Federal court backtracks on use of bare metal defense in South Carolina

By Pamela C. Maloney, J.D.

Finding that there had been an intervening change in controlling law regarding South Carolina’s adoption of the bare metal defense, a federal district court in that state granted an estate’s motion to reconsider the court’s earlier decision in which it predicted that the South Carolina Supreme Court would adopt and apply the defense in cases involving injuries from exposure to component products containing asbestos. According to the court, a decision by a South Carolina state trial court, which came to its attention after it had prepared its earlier order, had rejected the bare metal defense (Sparkman v. Goulds Pumps, Inc., February 19, 2015, Norton, D.).

Background. A worker at a pulp and paper mill, Elijah J. Sparkman, had been diagnosed with and died from mesothelioma, which his estate alleged was a result of prolonged exposure to asbestos while working with and around asbestos-containing pumps manufactured by Goulds Pumps Inc. Goulds moved for summary judgment on the estate’s breach of implied warranty, breach of post-sale duty to warn, false representation, negligence, recklessness, and strict liability in tort claims, arguing that there was no evidence that the worker had been exposed to an asbestos-containing product that Goulds had placed into the stream of commerce and that it was not responsible for asbestos-containing components that it did not manufacture or supply.

In its December 29 ruling on Goulds’ motion for summary judgment [see Products Liability Law Daily’s analysis], the federal district court predicted that the Supreme Court of South Carolina would adopt and apply the “bare metal defense” in cases involving injuries from exposure to component products containing asbestos, and found that Goulds had no duty to warn consumers about potential dangers from exposure to parts of its product which it did not manufacture or supply. The district court also found that the estate failed to establish that the worker had been exposed to asbestos-containing products manufactured or supplied by Goulds.
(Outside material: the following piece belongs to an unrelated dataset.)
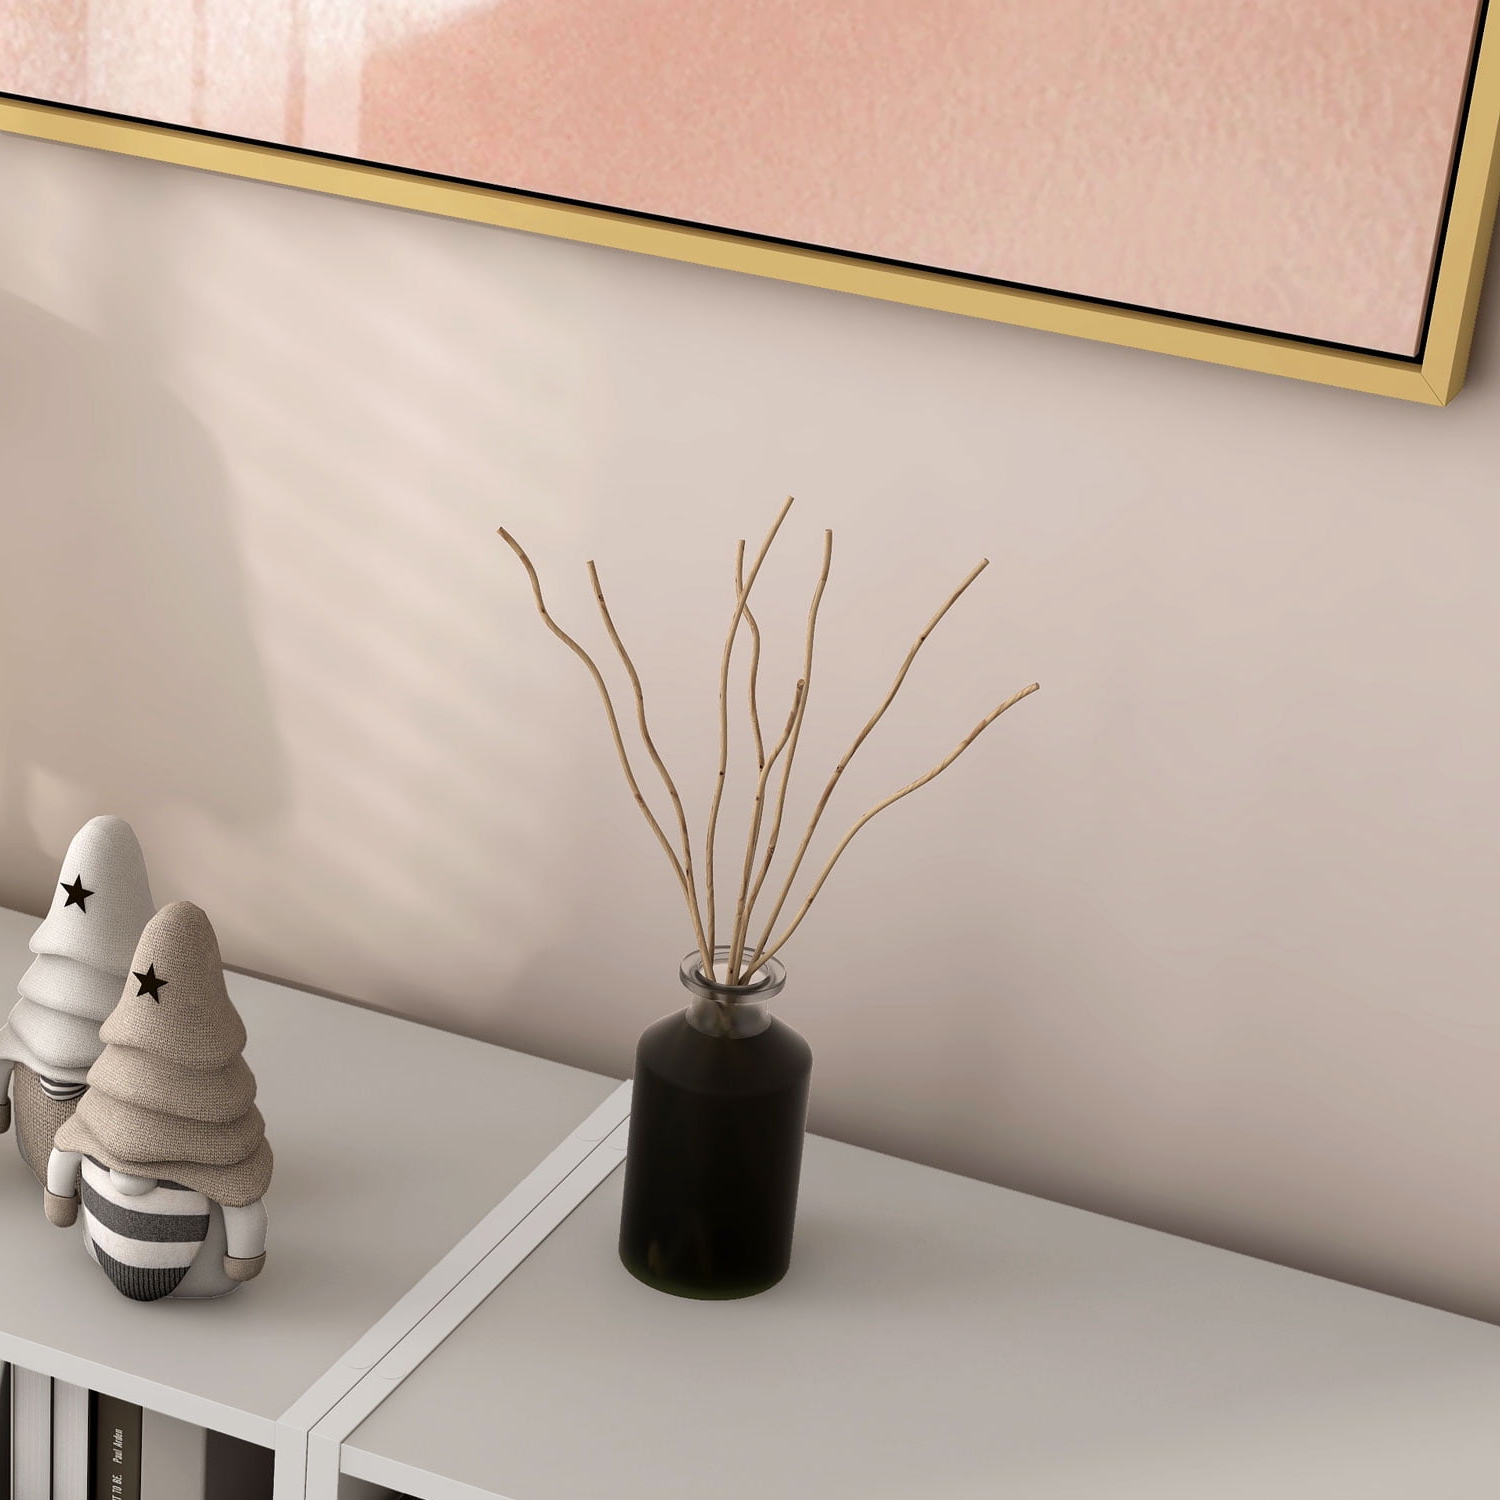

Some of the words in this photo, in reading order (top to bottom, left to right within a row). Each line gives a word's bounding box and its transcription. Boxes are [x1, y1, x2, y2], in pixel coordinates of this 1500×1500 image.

[112, 1428, 123, 1448] Arden
[112, 1448, 122, 1464] Paul
[112, 1485, 122, 1494] TO
The estate moved for reconsideration, arguing that the order was inconsistent with the December 10, 2014, decision by a South Carolina Court of Common Pleas in Garvin v. Agco Corp., which indicated that the South Carolina Supreme Court would not adopt the bare metal defense, but instead would impose a duty to warn on manufacturers in these circumstances.
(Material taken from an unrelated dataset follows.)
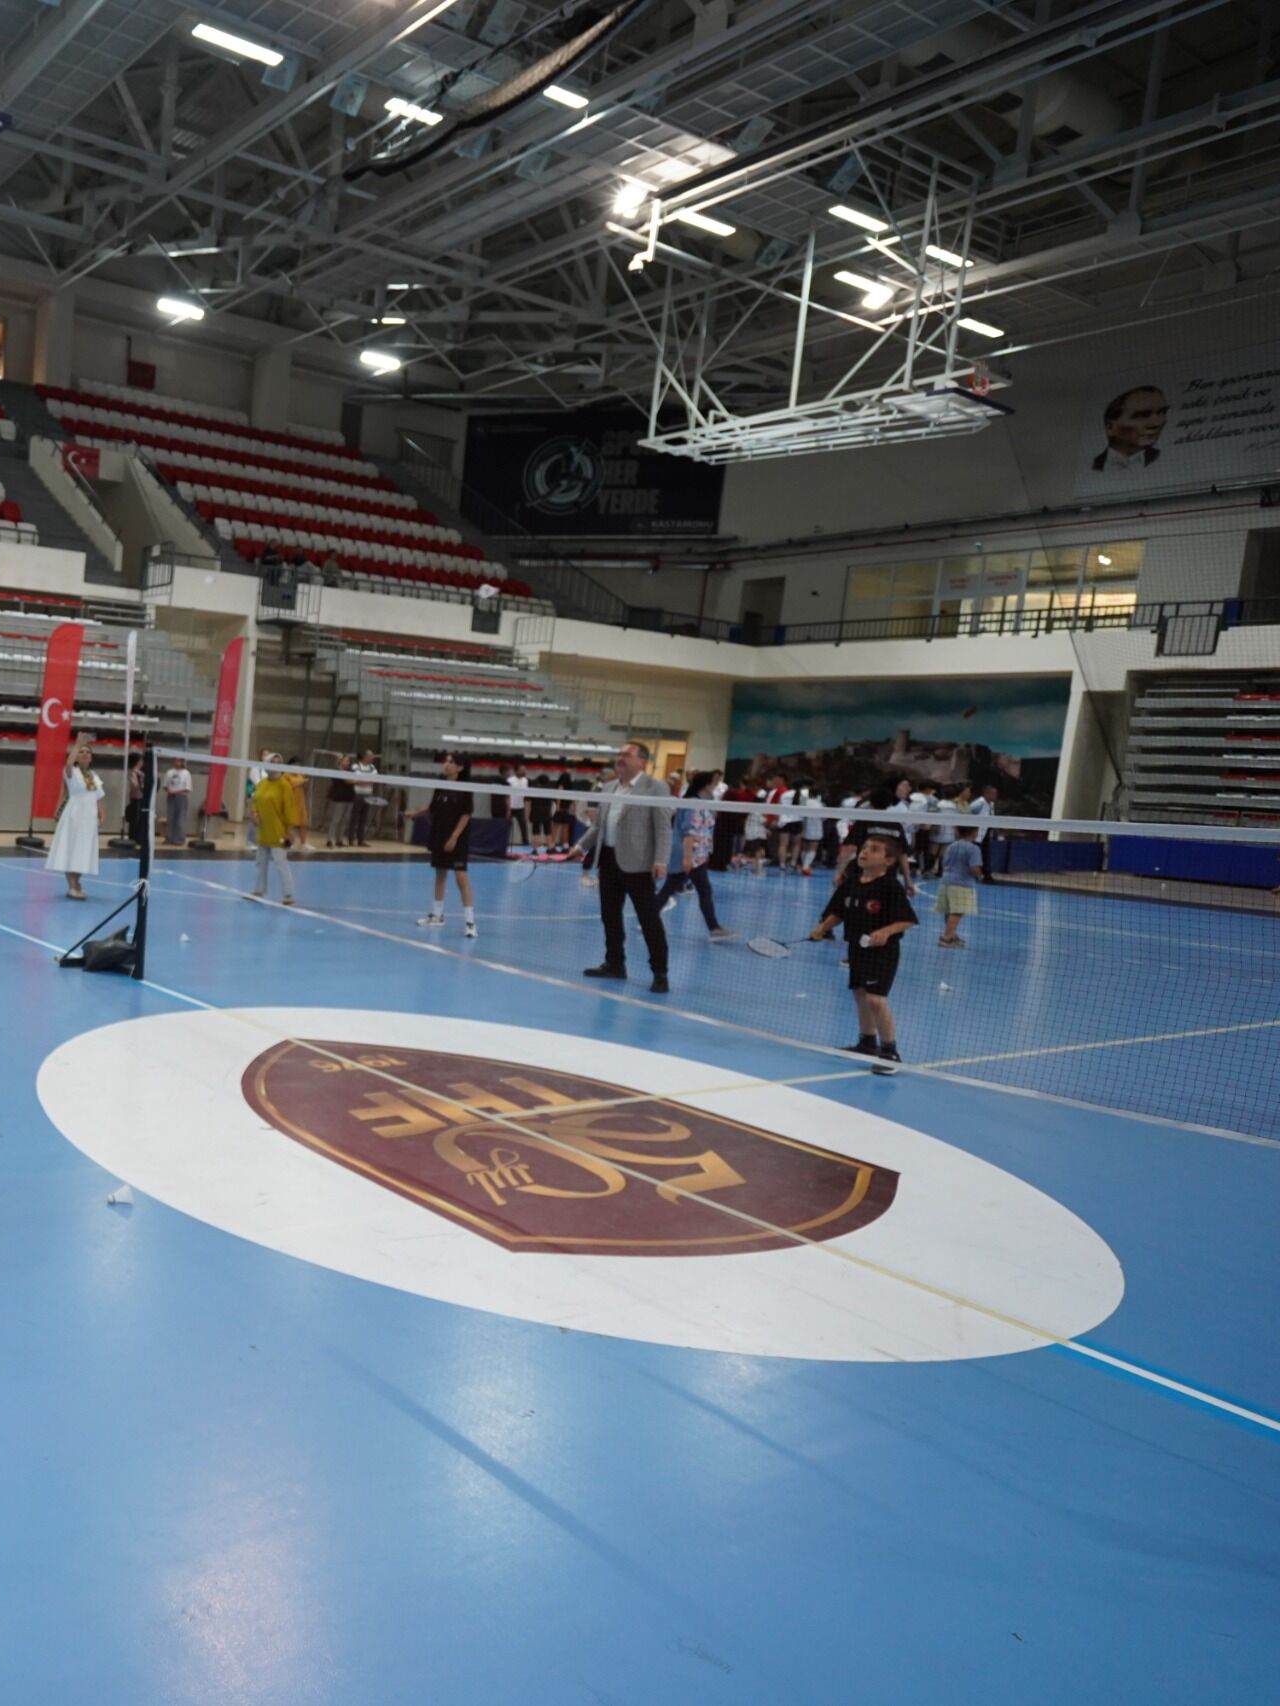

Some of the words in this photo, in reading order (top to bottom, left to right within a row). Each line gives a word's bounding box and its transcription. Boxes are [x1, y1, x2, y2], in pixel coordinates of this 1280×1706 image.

Intervening change in controlling law. The federal court noted that a motion for reconsideration will be granted for a limited number of reasons only, including to correct a clear error of law or to prevent manifest injustice. Having reviewed the Garvin decision, which was not available to the court when it rendered its initial decision in this matter, the district court concluded that ignoring that opinion would amount to manifest injustice.

The court in Garvin was presented with the same argument in favor of adoption of the bare metal defense as was put forward by Goulds in this case. However, Judge Garrison Hill—the administrative judge for asbestos litigation in the circuit courts of South Carolina—wrote in Garvin that the “term ‘bare metal’ is misleading and, as used here, is semantic advocacy rather than a useful doctrinal description.” According to Judge Hill, there was no evidence that the manufacturer, Crane, had sold “bare metal” valves or pumps. Instead, Crane placed into the stream of commerce products that not only contained asbestos, but specified that they be replaced by asbestos parts. Thus, the products were defective when they left Crane’s hands and remained defective and unreasonably dangerous when its specifications were heeded by the owner/user of the product as well as by another manufacturer when following Crane’s specifications for replacement parts.
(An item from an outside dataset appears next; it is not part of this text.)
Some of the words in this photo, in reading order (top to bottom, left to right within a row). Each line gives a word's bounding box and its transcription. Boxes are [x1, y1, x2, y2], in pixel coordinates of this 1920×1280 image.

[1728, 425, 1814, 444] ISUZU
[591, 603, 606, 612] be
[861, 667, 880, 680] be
Similarly, Goulds also specified use of blue African asbestos for packing and gaskets used in its pumps and for replacements. Goulds also sold some centrifugal pumps with asbestos-containing casing gaskets and stuffing box packing. In light of the factual similarity between the Garvin case and the persuasive weight of Judge Hill’s opinion, the federal court concluded that the South Carolina Supreme Court would reject the bare metal defense and find that a manufacturer had a duty to warn about potential dangers from exposure to asbestos in parts of its product which it did not manufacture or supply. Therefore, the court granted the estate’s motion to reconsider and denied Goulds’ motion for summary judgment.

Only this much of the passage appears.